Background: Growing evidence suggests that the epigenetic reader Brd4 (bromodomain-containing protein 4) is involved in aging and aging-related diseases. However, the specific mechanisms by which Brd4 influences vascular aging, especially senescence of vascular smooth muscle cells (SMCs), remain unexplored.
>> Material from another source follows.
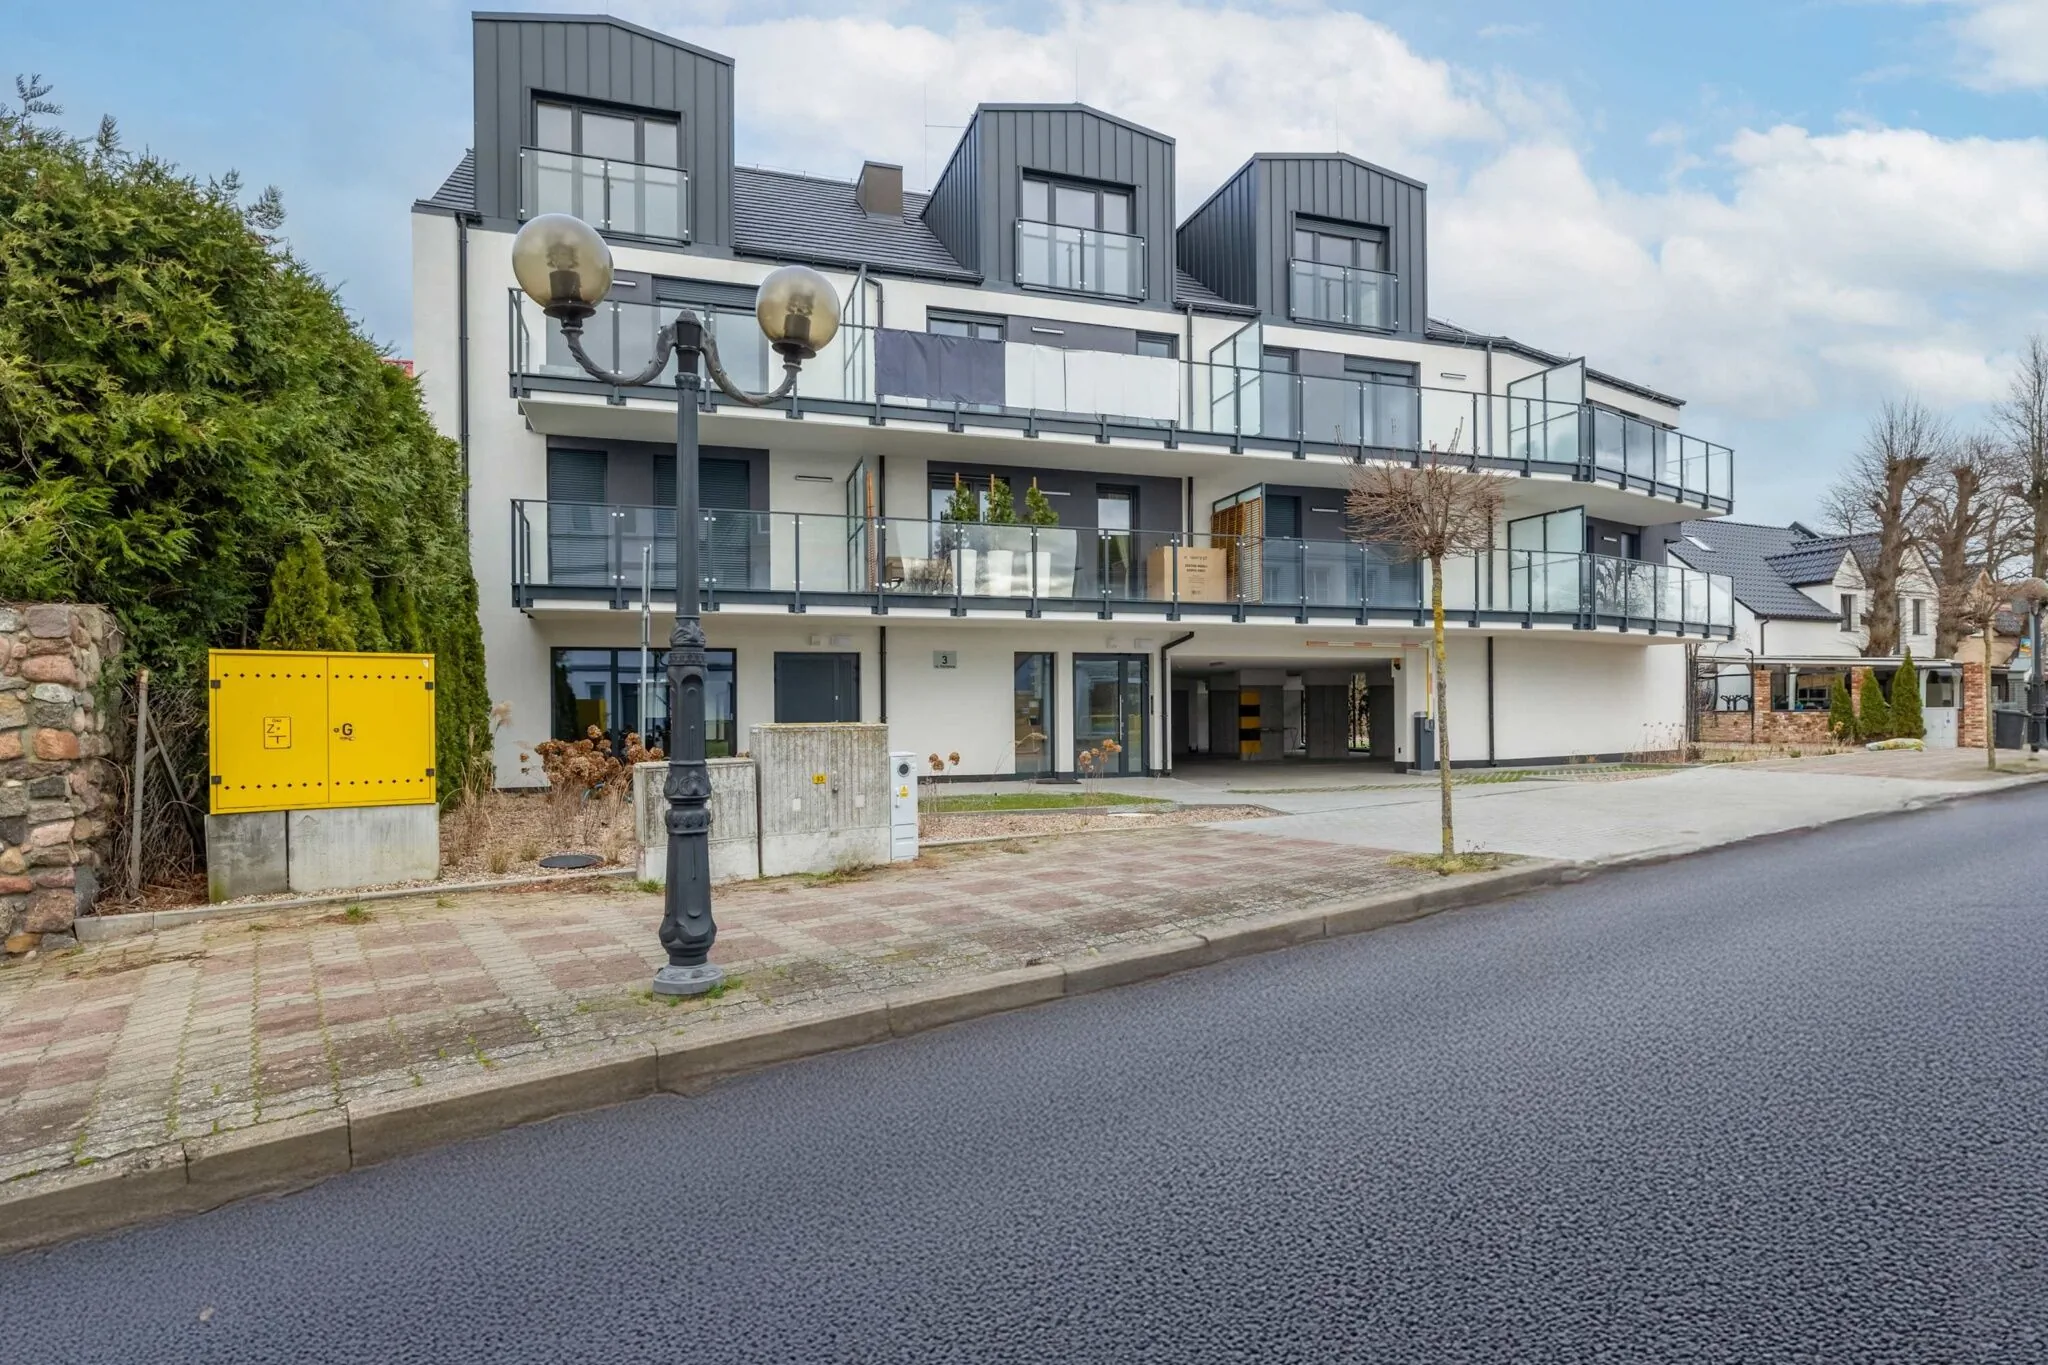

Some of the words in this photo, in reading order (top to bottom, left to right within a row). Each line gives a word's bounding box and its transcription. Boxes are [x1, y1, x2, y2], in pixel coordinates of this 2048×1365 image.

[942, 655, 948, 665] 3
[267, 724, 275, 734] Z
[342, 722, 353, 736] G
Methods: Primary cell cultures were established using mouse aortic SMCs and treated with Brd4 inhibitor, ARV-825, or (+)-JQ1. Primary Brd4^flox/flox mouse aortic SMCs were transduced with Ad-Cre virus to induce Brd4 knockout (KO). Senescence was assessed through SA-β-gal (senescence-associated β-galactosidase) staining. A mouse model of inducible SMC-specific Brd4 gene KO (SMC-Brd4-KO) was generated with the Cre-LoxP system. The control and SMC-Brd4-KO mice were evaluated for arterial contractility, blood pressure, arterial stiffness, and Ang II (angiotensin II)-induced vascular aging, as well as transcriptome profiling using RNA-sequencing analysis.

Results: Brd4 inhibition with ARV-825, (+)-JQ1, or Brd4 knockdown through Ad-Cre virus in Brd4^flox/flox SMCs led to cellular senescence. Induced SMC-Brd4-KO in adult mice prevented neointima formation. SMC-Brd4-KO mice exhibited increased aortic stiffness and blood pressure with enhanced arterial contractility ex vivo. In addition, Brd4 expression was downregulated in aortic tissues of aged mice and senescent human aortic SMCs. Furthermore, SMC-Brd4-KO mice displayed more prominent histopathologic features of vascular aging in response to Ang II infusion. Aortic tissues from SMC-Brd4-KO mice showed a more robust contractile response to Ang II and phenylephrine, accompanied by multiple genetic changes, including alterations in cytoskeleton genes. Transcriptomes of Brd4 KO aortas displayed gene signatures of dampened autophagy, intriguingly associated with a downregulation of microtubule genes, including Tuba4a (α-tubulin). Experiments in vitro with Brd4 KO SMCs demonstrated the potential role of impaired autophagy and depleted α-tubulin in mediating induction of senescence in SMCs.

Conclusions: Brd4 depletion in SMCs induces senescence, prevents neointima formation, and exacerbates vascular aging, highlighting its crucial roles in vascular functions and diseases.